How Cultural Capital Works: Prizewinning Novels, Bestsellers, and the Time of Reading

Screen Shot 2016-05-11 at 2.40.17 PM

This new essay published in Post45 is about the relationship between prizewinning novels and their economic counterparts, bestsellers. It is about the ways in which social distinction is symbolically manifested within the contemporary novel and how we read social difference through language. Not only can we observe very strong stylistic differences between bestselling and prizewinning writing, but this process of cultural distinction appears to revolve most strongly around the question of time. The high cultural work of prizewinning novels appears most strongly defined by an attention to childhood, nature, and retrospection, while the economic work of bestsellers is defined by a diligent attention to the moment. As the forthcoming work of James English has shown, it is these temporal frameworks, or what Bakhtin might have called “chronotopes,” that emerge as some of the more meaningful ways to distinguish the work of cultural capital from that of economic capital.
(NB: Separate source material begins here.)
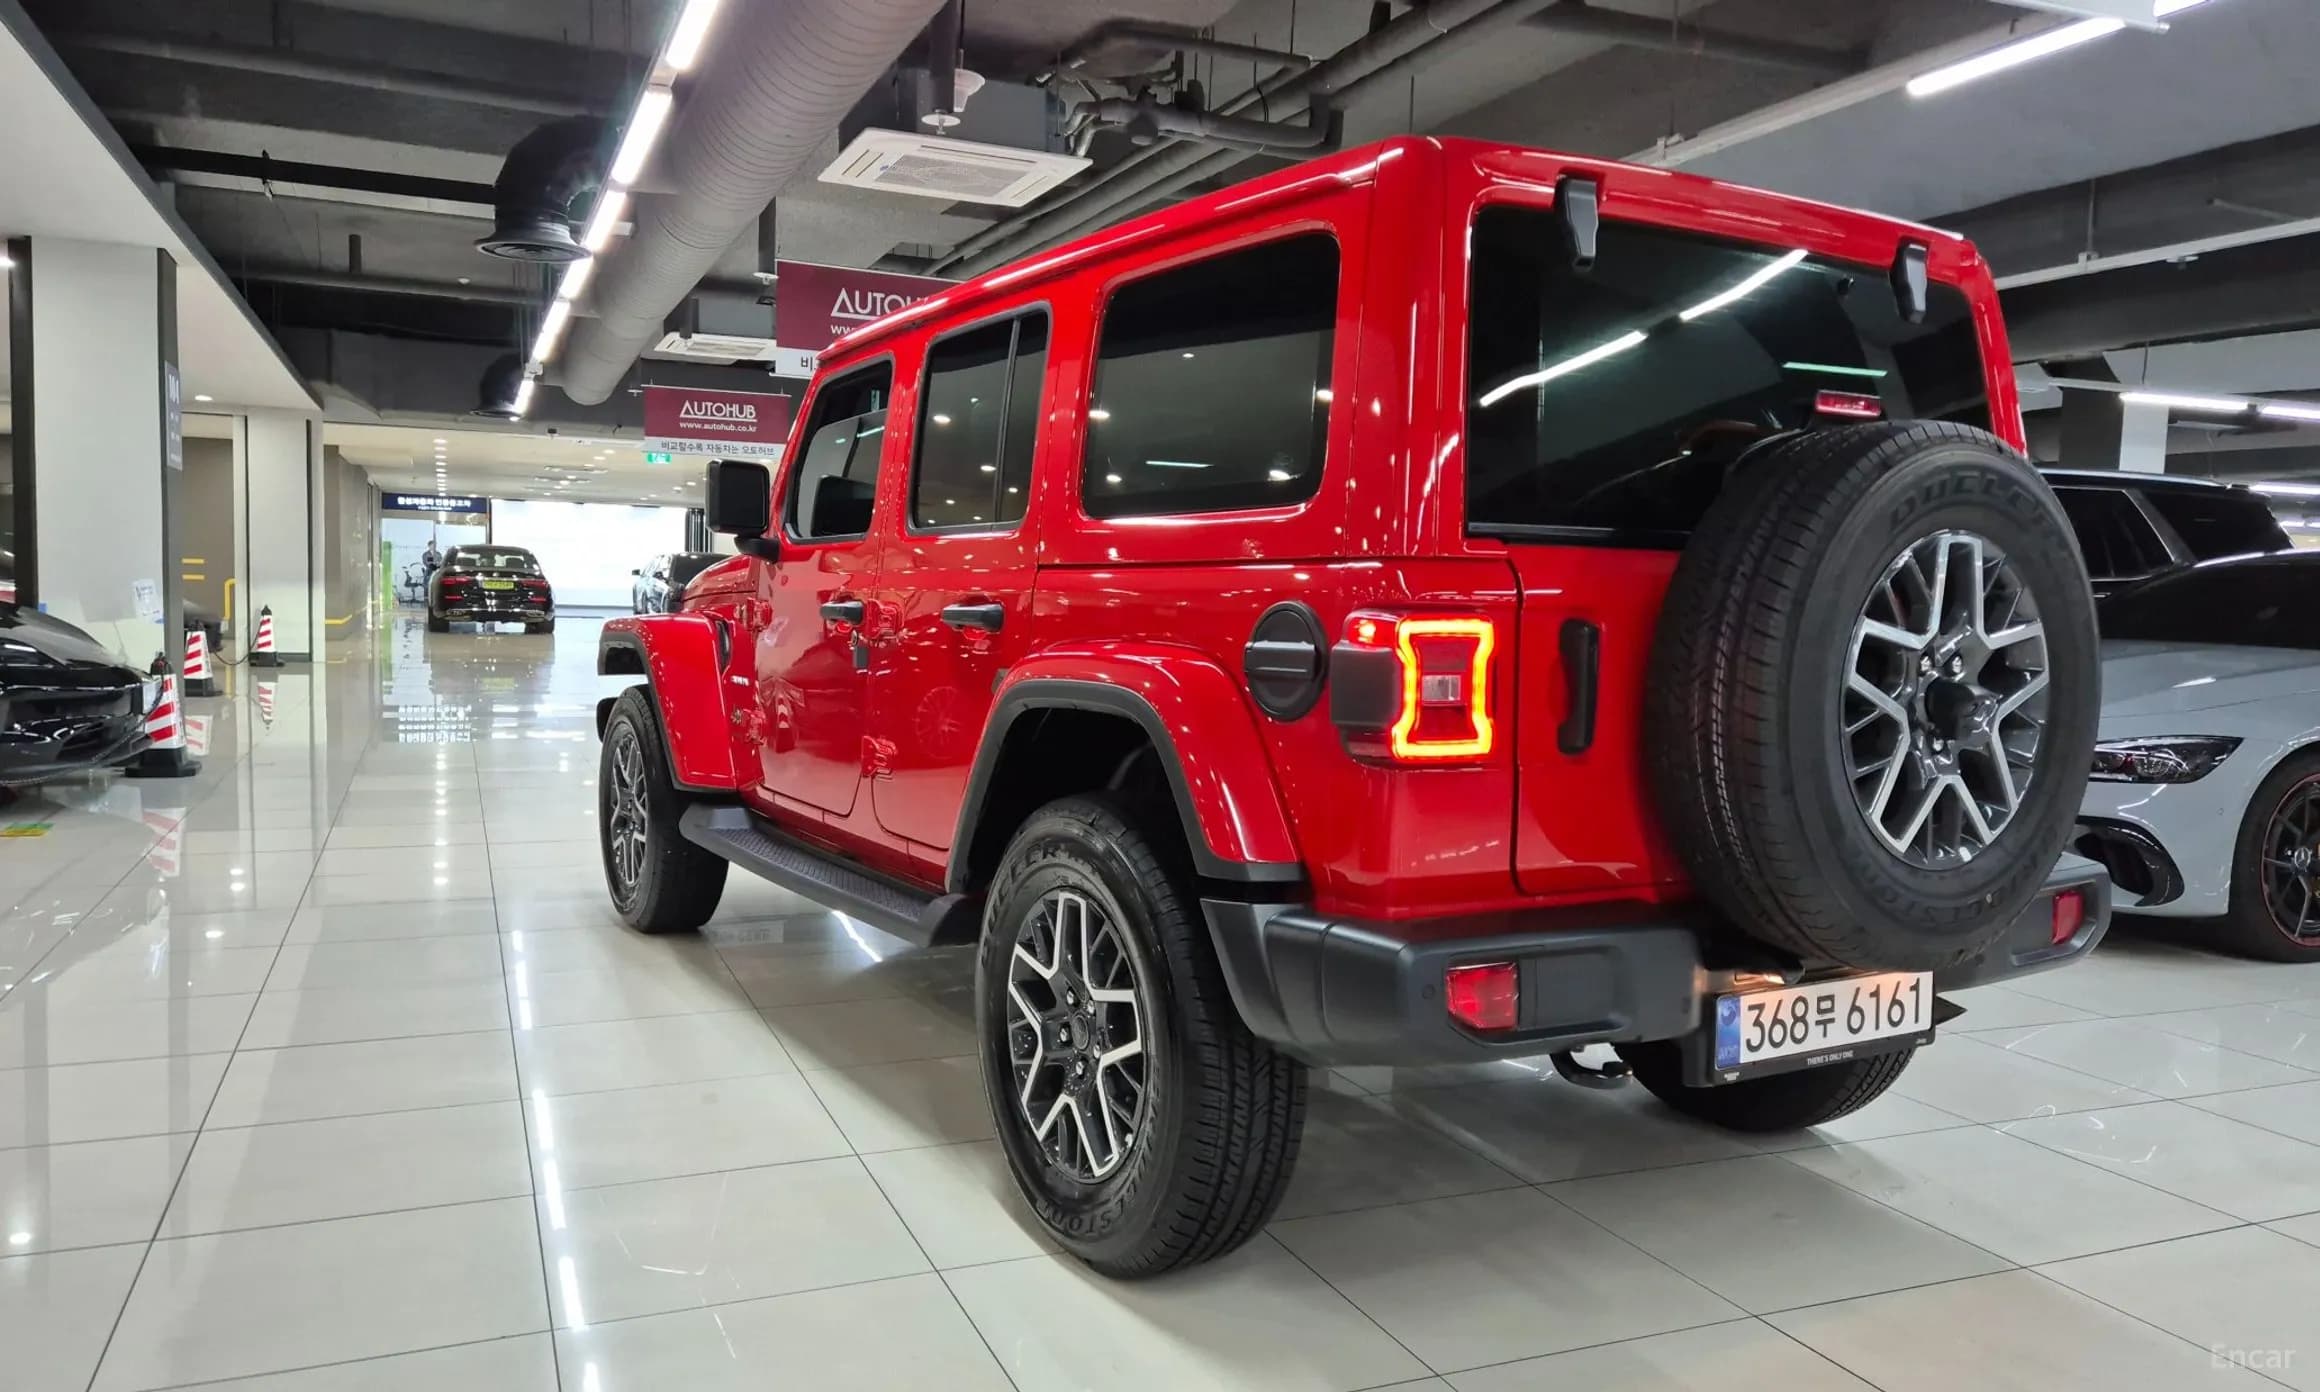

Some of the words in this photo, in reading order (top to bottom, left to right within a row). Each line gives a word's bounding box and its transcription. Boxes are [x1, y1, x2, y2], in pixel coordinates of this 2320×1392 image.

The approach we use draws on the emerging field of textual analytics within the framework of Bourdieu’s theory of the literary field. Our interest lies in exploring a larger population of works, but also the ways in which groups of works help to mutually define one another through their differences. As Bourdieu writes, “Only at the level of the field of positions is it possible to grasp both the generic interests associated with the fact of taking part in the game and the specific interests attached to different positions.” We wanted to test the extent to which “bestsellers” and “prizewinners” cohere as categories and how this coherence may be based on meaningful, and meaningfully distinguishing, textual features.

Our aim is to help us see the values and ideological investments that accrue around different cultural categories  the act of “position taking,” in Bourdieu’s words  and the ways in which these horizons of expectation help maintain positions of power and social hierarchy. Our project is ultimately about asking how forms of social and symbolic distinction correspond and how that knowledge may be used to critique normative assumptions about what counts as significant within the literary field. The high cultural investment in retrospection that we see on display should not be taken as a default but can also be seen in a critical light — as privileging a more regressive, backward looking narrative mode.

For the full article, you can go here.

CBC interview on using algorithms to predict prizewinners and bestsellers

This past weekend I participated in an interview with Jeanette Kelly on the CBC to discuss our new work on using computers to predict bestsellers and prizewinning novels. In it I discuss the Devoir challenge in which local Quebec writers try to impersonate a bestseller using our data and our successful attempt at predicting this year’s Giller Prize winner that was foiled by my misjudgment of committee behaviour.

Here is a link to the interview.

Interview with BookNet Canada on algorithms, publishing and creative writing

I recently did a podcast with the BookNet group in Canada that focuses on the intersection of technology and books. They were interested in our research focusing on prizewinning and bestselling novels. My main emphasis in the discussion was to focus on the way computers can be useful for different kinds of audiences: for publishers to better understand the books they are selecting and marketing; for readers to better understand the books they want to enjoy but also engage with more critically and/or analytically; and for writers who want to use data to create new works that are aligned with existing markets in fresh and novel ways.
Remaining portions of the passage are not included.